2. Land in Europe, check into a hotel connected to the airport. These days an “airport hotel” can mean anything ranging from a hotel that is built into the terminal, to one that is literally a bus ride away. At London’s Heathrow airport there are now two hotels physically connected to the airport via an enclosed walkway from Terminal 4 — The Premier Inn and the Hilton London Heathrow Terminal 4. As soon as I land at Heathrow I take the Heathrow Express train the one stop to Terminal 4, then it’s a quick 5 minute walk to the hotel. After having dinner in the hotel restaurant, I’m ready for turn in for the night. While there are other hotels in the Heathrow area, they all require taking the “Hotel Hoppa,” which is a public bus — and it’s not free. By the time these passengers finally wind their way to their hotels, which can be miles away, I’m already set to turn in. Hotels connected to the airport are the best — they ensure you don’t have to deal with the elements, they save you time, and they add a measure of predictability. Other excellent hotels connected to European airports include: at Frankfurt (FRA), the Sheraton and Hilton; at Copenhagen (CPN), the Hilton; and at Hamburg (HAM), the Radisson Blu.
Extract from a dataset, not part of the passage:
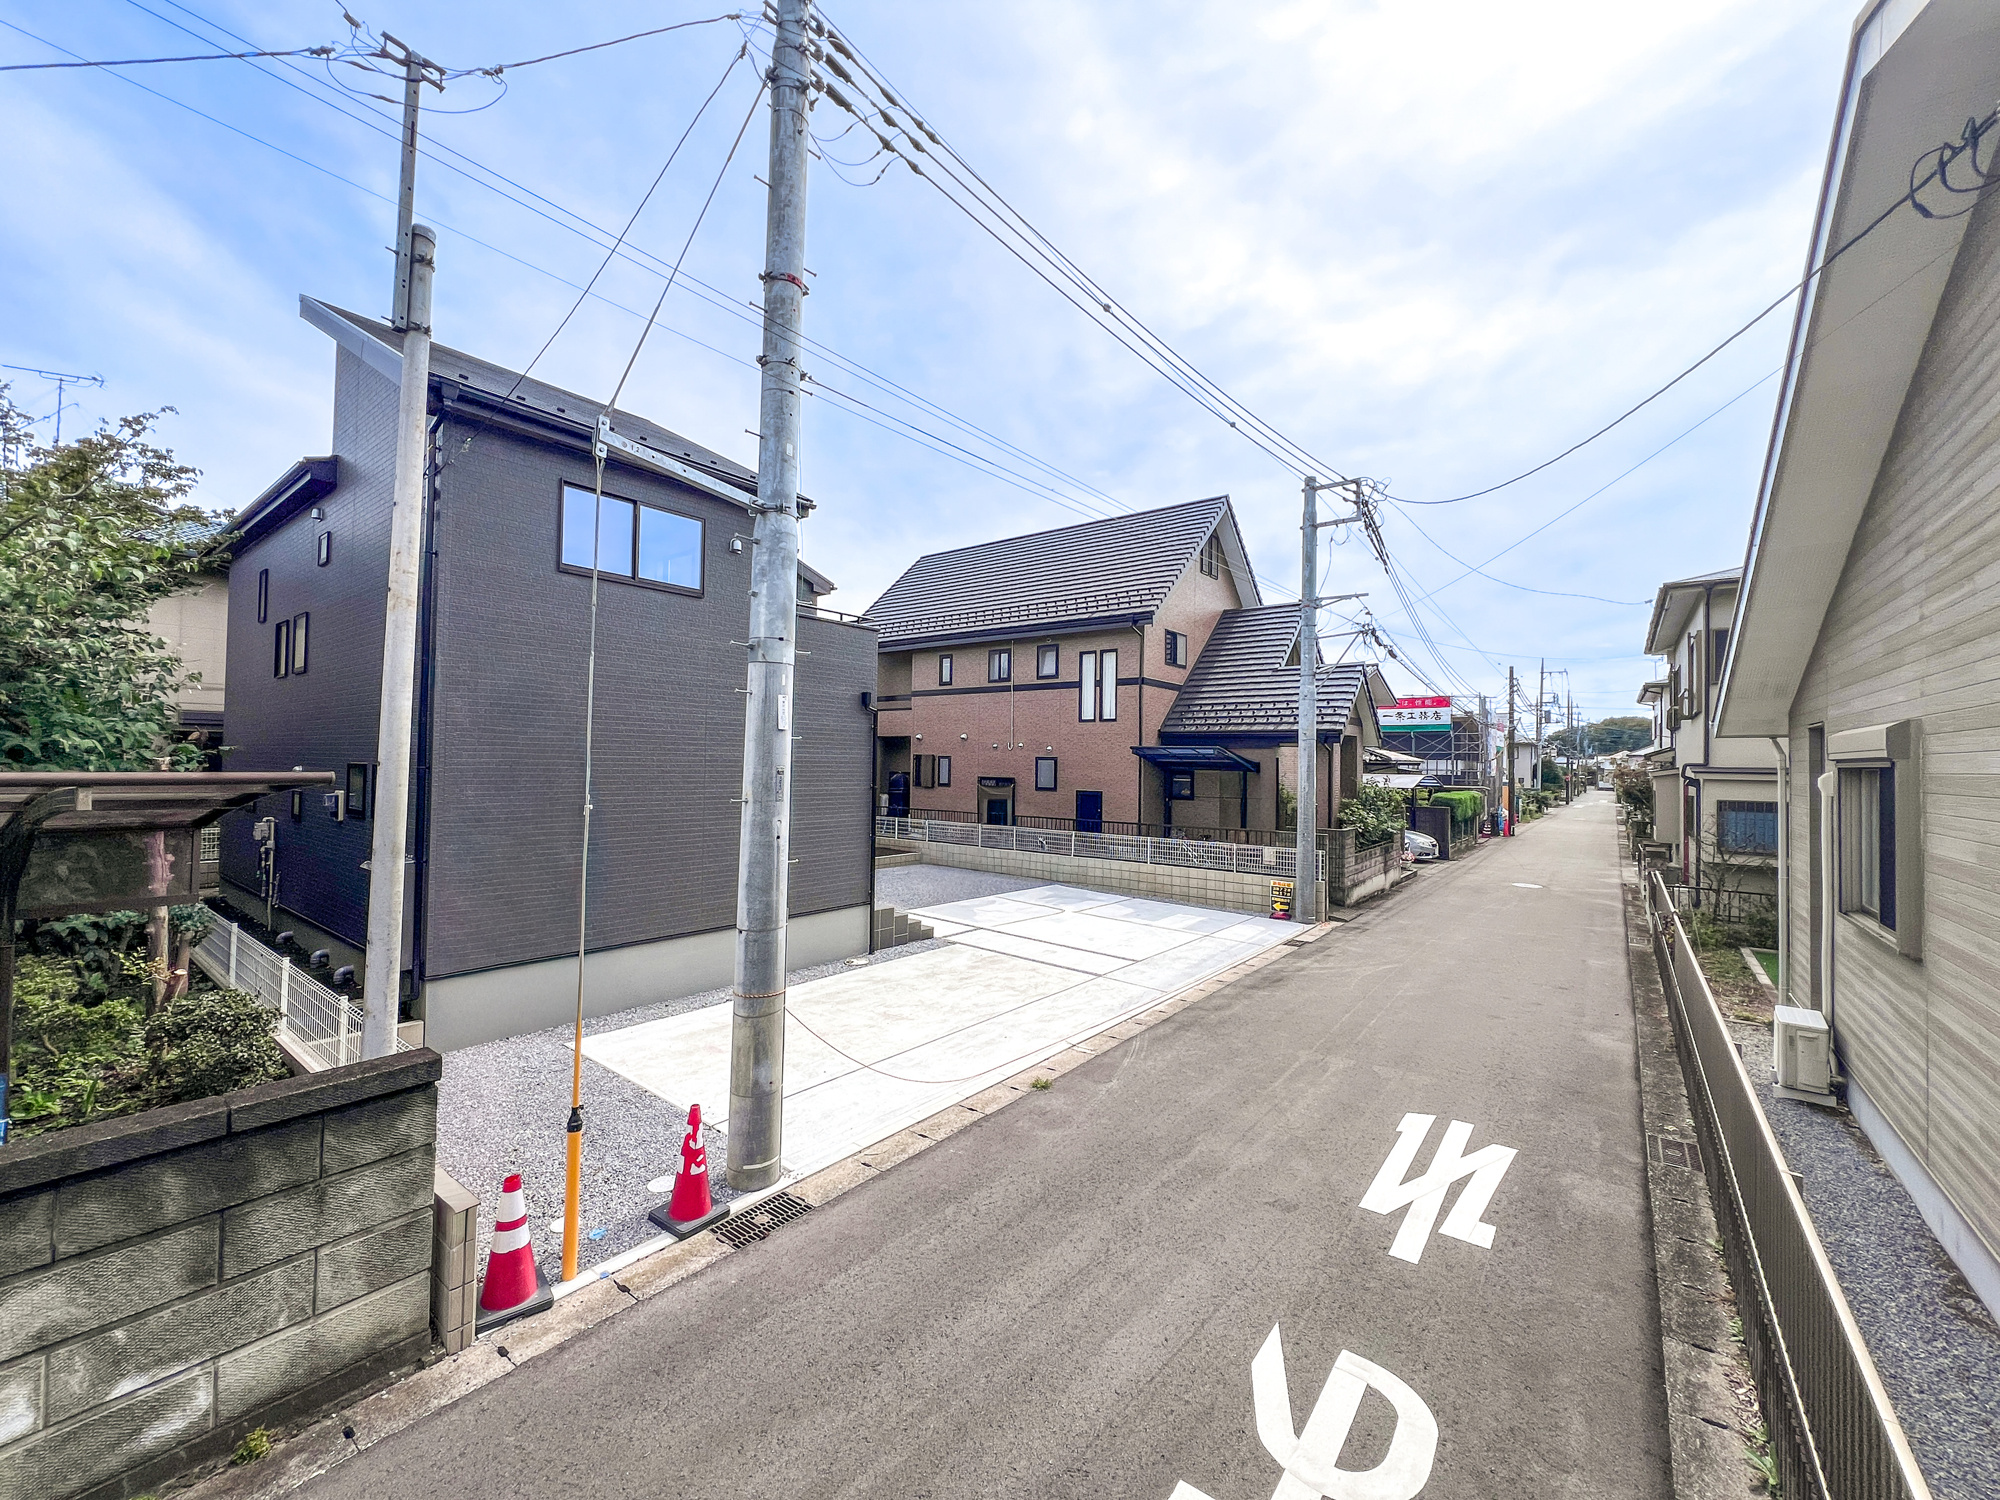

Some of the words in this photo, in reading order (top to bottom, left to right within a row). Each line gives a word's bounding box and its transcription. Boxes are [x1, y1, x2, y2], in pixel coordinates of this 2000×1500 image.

[1382, 710, 1444, 722] 一条工務店
The Hilton is one of only two hotels physically connected to Heathrow Airport. Be careful of the “other” Hilton, which bills itself as being at Terminal 5. It’s not — it’s a long bus ride away. When staying at Heathrow, pick the T4 property.

3. Advil PM at night. I’m not a pharmacist, so I’m not making any recommendations concerning medicines, over the counter or otherwise. Personally, I take two Advil PM about an hour before turning in, and it helps me to get a solid night sleep despite the fact that it’s still daytime back at home. Taking a few extra glasses of water at this time also helps to alleviate flight-induced dehydration.

A sleep aid is a key component of my program for defeating jet lag.

4. Cappuccino, please. While the amount of caffeine in a cup of coffee can vary widely, a typical cappuccino will have about 5 times the amount of caffeine as a Diet Coke. When getting through Day 1 in Europe, these are essential. By having several throughout the day, I’m able to keep it together until nightfall.

5. Then, take the onward flight. After a good night’s sleep at the Hilton at T4, I have breakfast and walk back to the terminal. Since I’m a Star Alliance loyalist, I head back to Terminal 2, where all the Star Alliance carriers are consolidated under one roof. It’s about a 6 minute walk from the Hilton to the Heathrow Express train, then a 3 minute train ride, followed by about a 10 minute walk from the train stop to T2. In all, I make it from the hotel lobby to check in within 20 minutes. Using this approach, I can be in my final destination city in Europe by 2 PM local time — or about the same time as I would if I took the red eye. The difference is I arrive well rested and not in need of immediately collapsing in a hotel room from exhaustion.

By flying over the Atlantic during the day and then sleeping shortly after arrival I find that the disruptive effect of leaping over so many time zones to be minimized, and it becomes manageable with Advil PM at night and a steady stream of cappuccinos during the day.

If you’re flying in business, then the need to take the daytime flight is greatly reduced, of course. These days, however, that business class ticket will cost several times the price of a coach ticket, and using miles for upgrades often requires a sizeable copay. The program I use mitigates the need to fly in business, and leaves me ready to do business much more quickly than with the traditional red eye flights.

Ron Nehring served as Presidential campaign spokesman for Texas Senator Ted Cruz (R-TX) and Chairman of the California Republican Party. Today he is Director of International Programs for the Leadership Institute.